The United States Court of Appeals for the Third Circuit, in Reilly v. Ceridian Corporation, 2011 U.S. App. LEXIS 24561, 3 (3d Cir., December 12, 2011), found that “allegations of an increased risk of identity theft resulting from a security breach” were insufficient to secure Article III standing.  In so doing, the court affirmed the dismissal of claims brought by former employees of a NJ law firm after the firm’s payroll processor was breached.

Recognizing that “a number of courts have had occasion to decide whether the ‘risk of future harm’ posed by data security breaches confers standing on persons whose information may have been accessed”, the Third Circuit sided with those courts finding that plaintiffs lack standing because the harm caused is too speculative.   Specifically, the court did not consider an intrusion that penetrated a firewall and potentially allowed access to employee payroll data sufficient to meet the Article III requirement of an “actual or imminent” injury.  No misuse was alleged so no harm was found.

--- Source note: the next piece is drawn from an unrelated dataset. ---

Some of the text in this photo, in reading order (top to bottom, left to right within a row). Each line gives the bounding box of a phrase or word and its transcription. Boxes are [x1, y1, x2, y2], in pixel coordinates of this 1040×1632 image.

As well, the Third Circuit rejected the notion that time and money expenditures to monitor financial information conferred plaintiffs with standing.  Id. at 5 (“That a plaintiff has willingly incurred costs to protect against an alleged increased risk of identity theft is not enough to demonstrate a ‘concrete and particularized’ or ‘actual or imminent’ injury.”).  See also In re Michaels Stores PIN Pad Litigation, Slip Op. at 14 (N.D. Ill November 23, 2011) (reasoning that “individuals cannot create standing by voluntarily incurring costs in response to a defendant’s act.  Accordingly, Plaintiffs cannot rely on the increased risk of identity theft or the costs of credit monitoring services to satisfy the ICFA’s injury requirement.”).

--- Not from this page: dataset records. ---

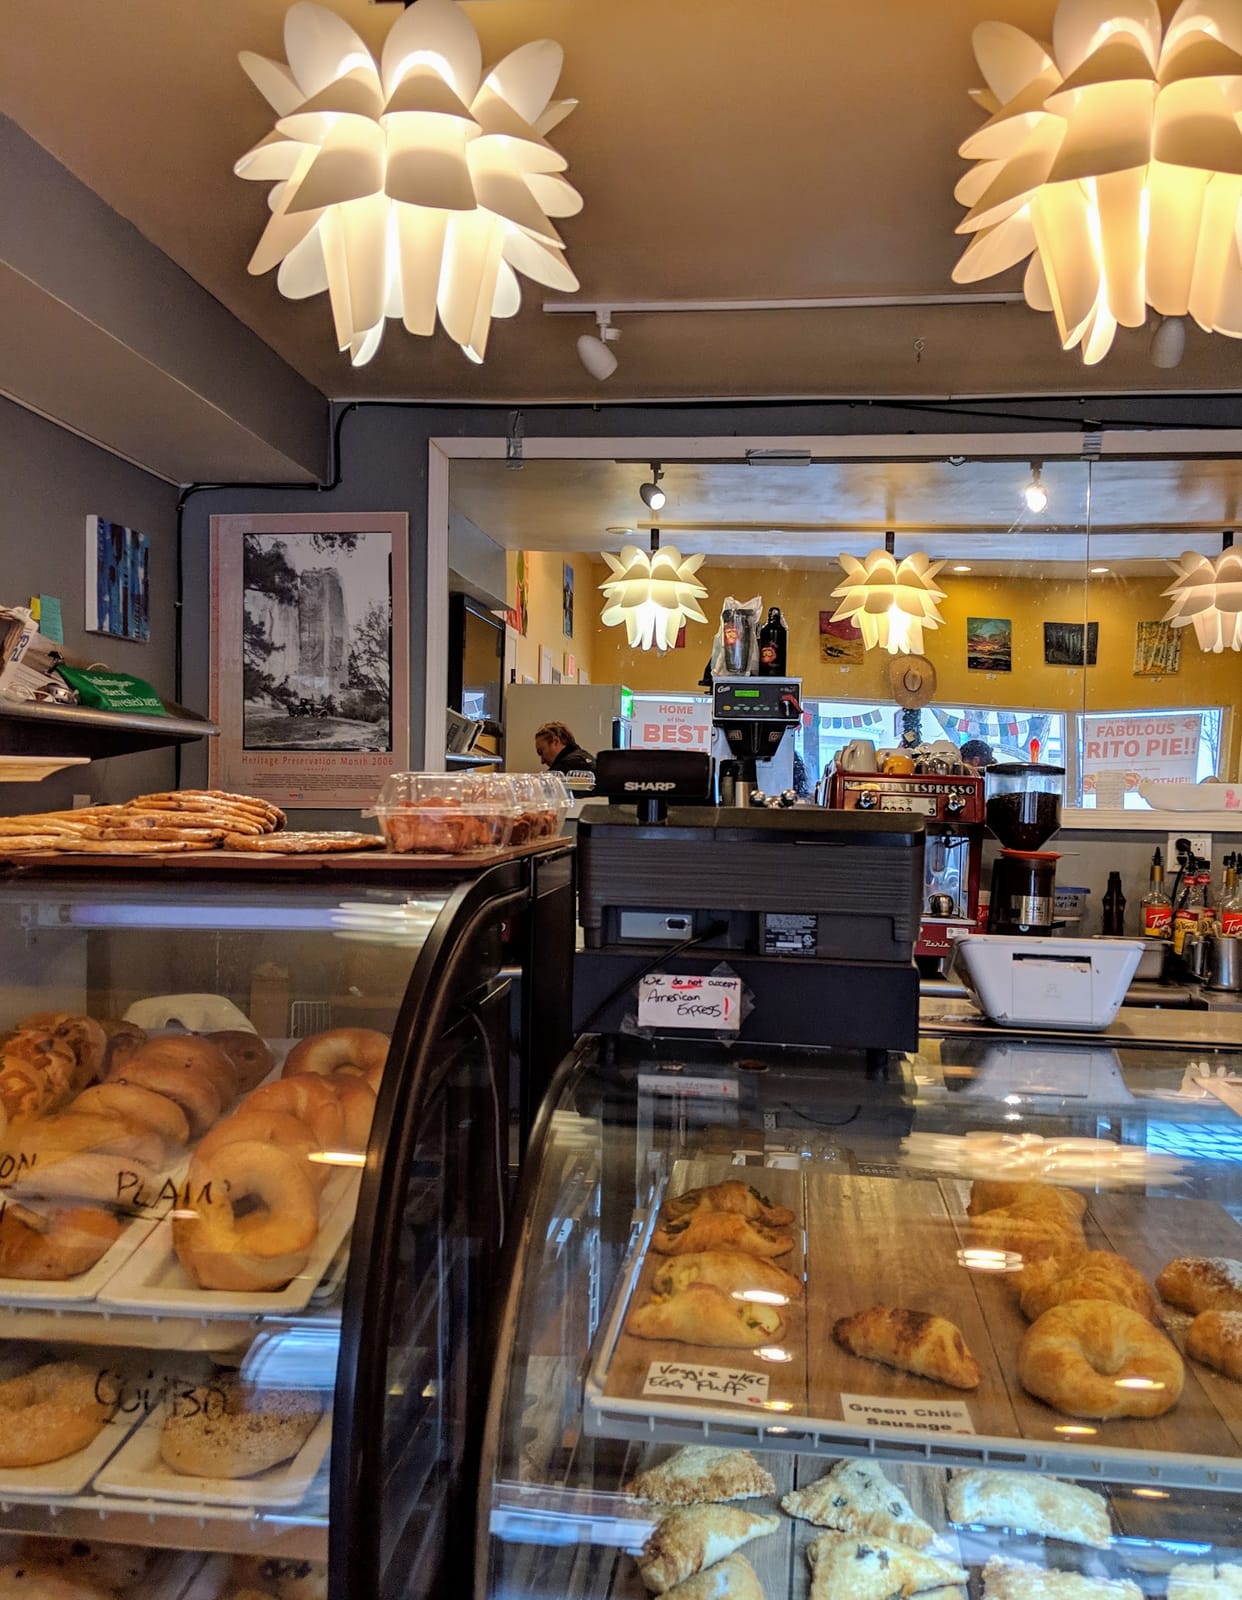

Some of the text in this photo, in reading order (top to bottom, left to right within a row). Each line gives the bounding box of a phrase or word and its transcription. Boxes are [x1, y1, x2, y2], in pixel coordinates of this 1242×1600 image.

[659, 705, 694, 714] HOME
[643, 724, 709, 743] BEST
[1097, 723, 1176, 737] FABULOUS
[1087, 737, 1197, 758] RITO PIE!!
[242, 756, 394, 767] Heritage Preservation Month 2006
[624, 782, 676, 791] SHARP
[643, 976, 665, 986] We
[708, 980, 738, 990] accept
[648, 989, 700, 1002] American
[848, 1403, 963, 1418] Green Chile
[866, 1417, 952, 1431] Sausage

The Third Circuit’s decision stands in sharp contrast to those decisions that stretched hard to find a cognizable harm sufficient to trigger constitutional standing as well as a recent ruling from the First Circuit reversing a dismissal because costs associated with credit card reissuance fees and ID theft insurance were deemed sufficient to constitute an injury.

There is now a growing body of law that has sprung from public data breaches that can be used by either side of the class action table.  The key metric will be how such decisions can be tooled by plaintiff’s counsel to defer dismissal.   Given the potential use of cy pres settlements, defense counsel need to cut off the discovery beast before it grows out of control and gives rise to such settlement discussions.  All plaintiff’s counsel needs to do is hope for a sympathetic judge before the wheel is spun.